(Stored data entries)
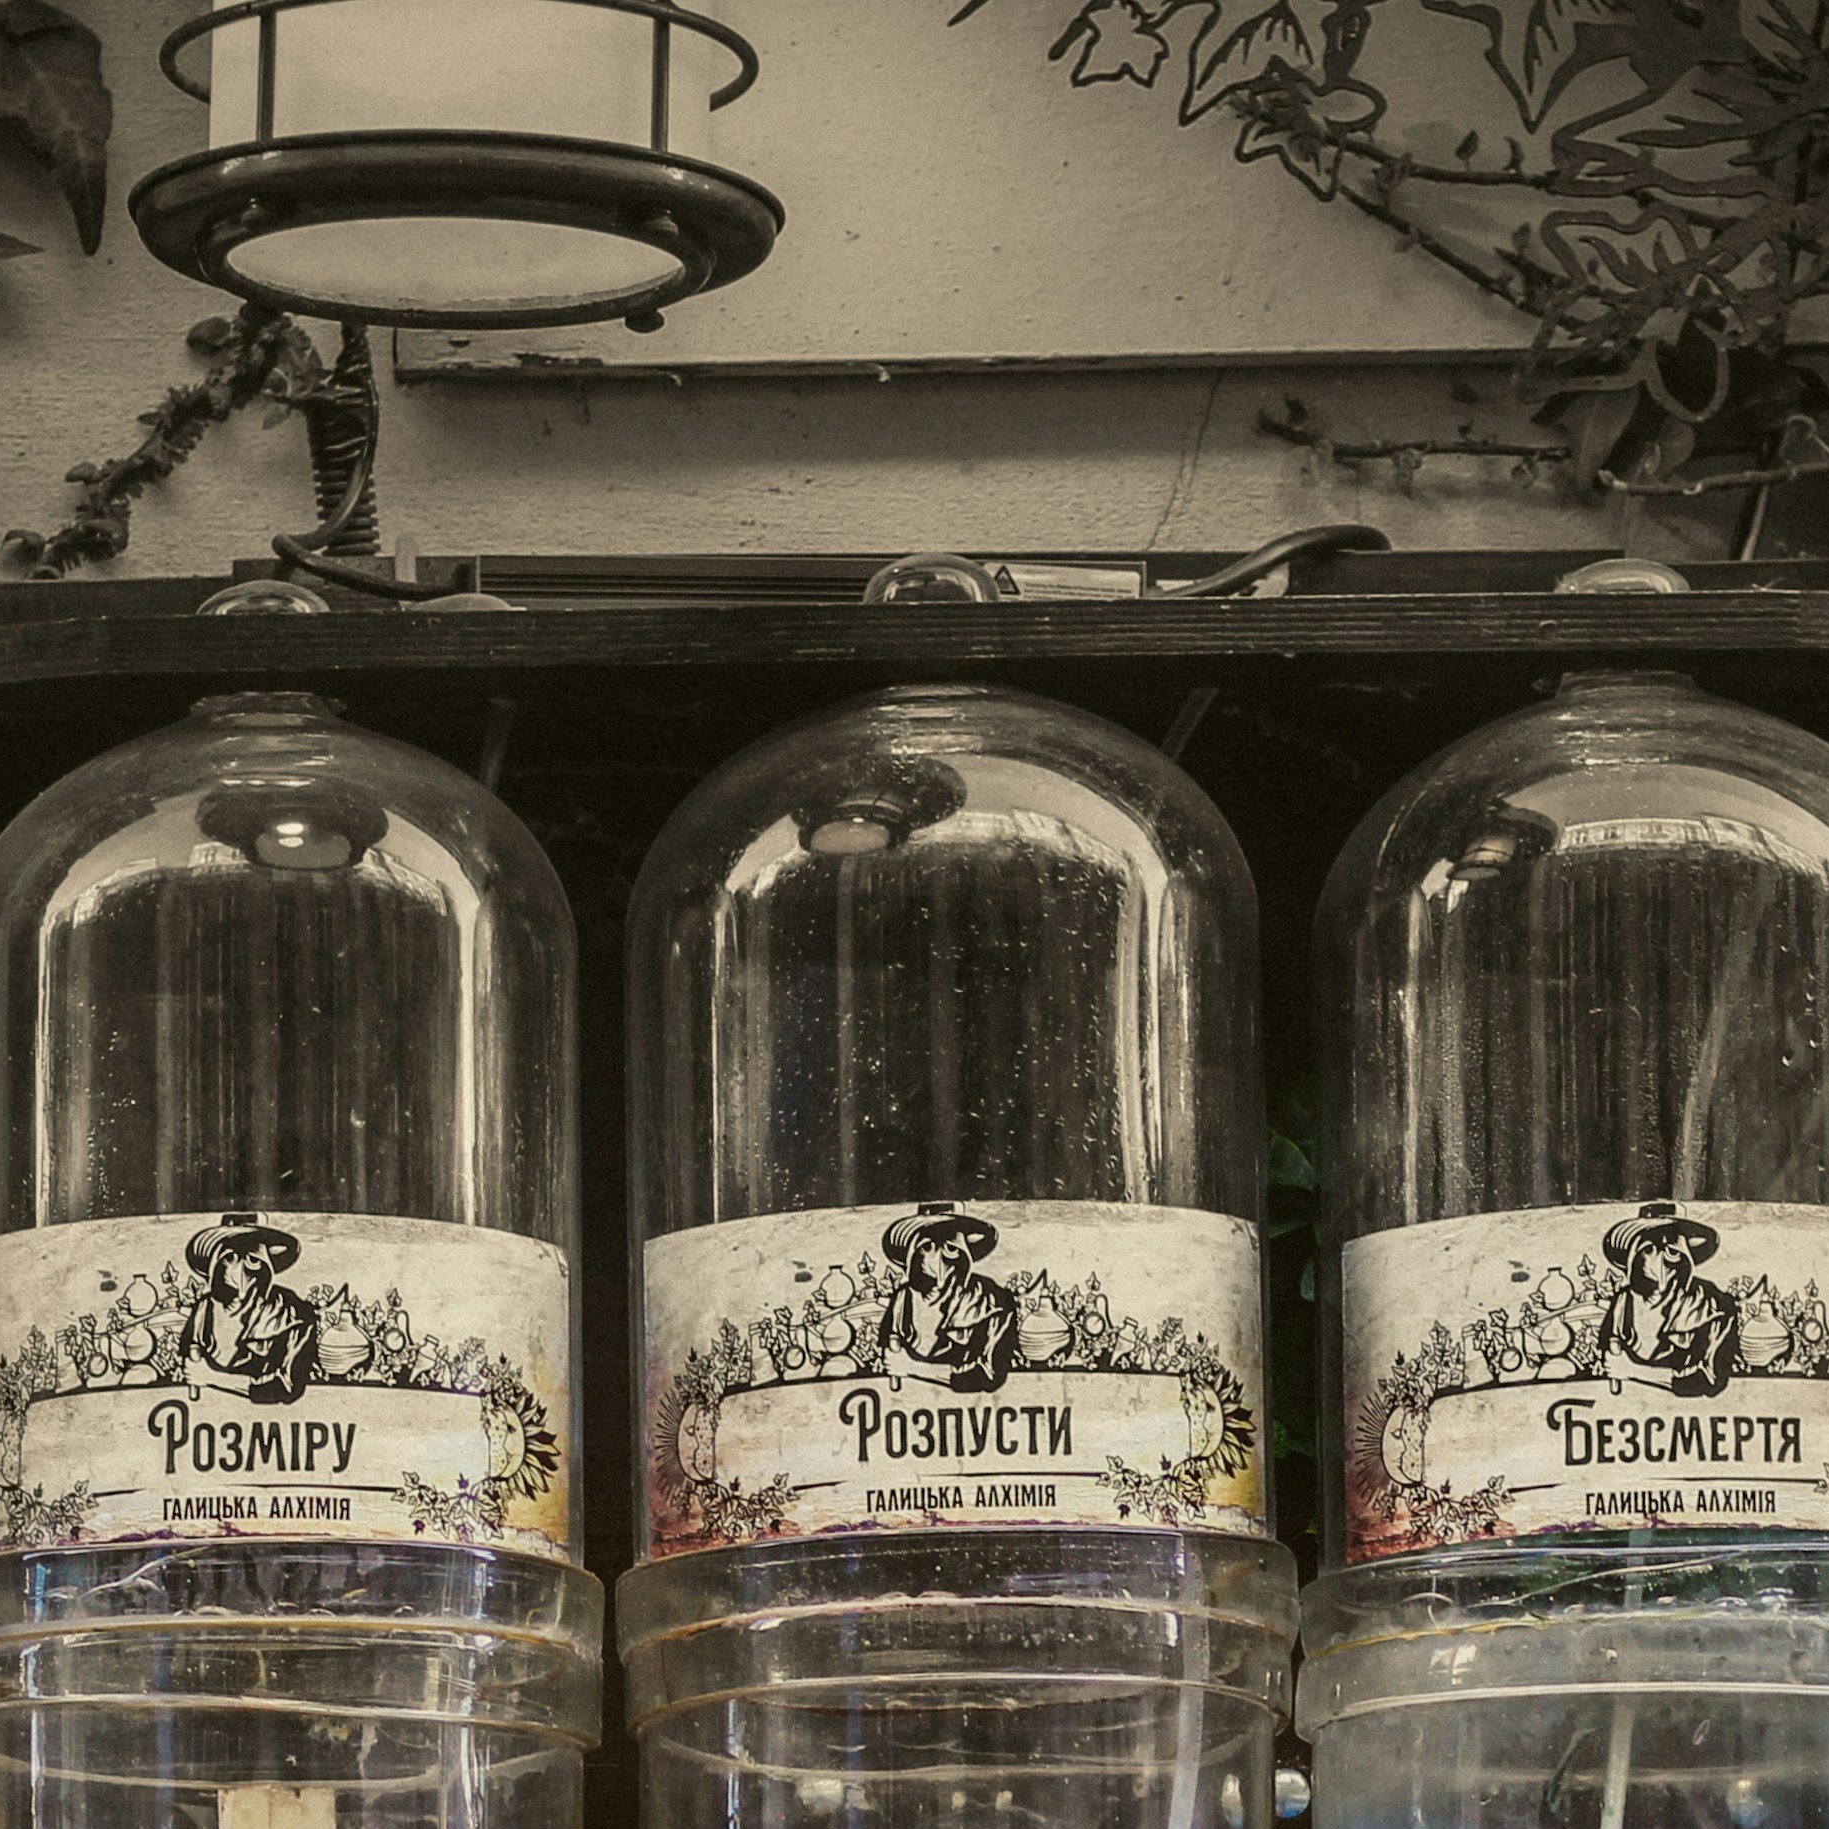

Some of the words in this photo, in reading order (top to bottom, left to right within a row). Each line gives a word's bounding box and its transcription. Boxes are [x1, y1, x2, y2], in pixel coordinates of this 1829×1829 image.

[147, 1399, 356, 1474] РОЗМІРУ
[838, 1388, 1073, 1462] РОЗПУСТИ
[1546, 1398, 1802, 1466] БЕЗСМЕРТЯ
[162, 1496, 258, 1522] ГАЛИЦЬКА
[269, 1496, 352, 1521] АЛХІМІЯ
[866, 1486, 964, 1514] ГАЛИЦЬКА
[974, 1484, 1057, 1509] АЛХІМІЯ
[1585, 1490, 1685, 1518] ГАЛИЦЬКА
[1695, 1489, 1776, 1514] АЛХІМІЯ

• Exercise requirements: All of the records should be set down exactly, minus the pictures they hold.

• Task response:
Some of the words in this photo, in reading order (top to bottom, left to right within a row). Each line gives a word's bounding box and its transcription. Boxes are [x1, y1, x2, y2], in pixel coordinates of this 1829×1829 image.

[147, 1399, 356, 1474] РОЗМІРУ
[838, 1388, 1073, 1462] РОЗПУСТИ
[1546, 1398, 1802, 1466] БЕЗСМЕРТЯ
[162, 1496, 258, 1522] ГАЛИЦЬКА
[269, 1496, 352, 1521] АЛХІМІЯ
[866, 1486, 964, 1514] ГАЛИЦЬКА
[974, 1484, 1057, 1509] АЛХІМІЯ
[1585, 1490, 1685, 1518] ГАЛИЦЬКА
[1695, 1489, 1776, 1514] АЛХІМІЯ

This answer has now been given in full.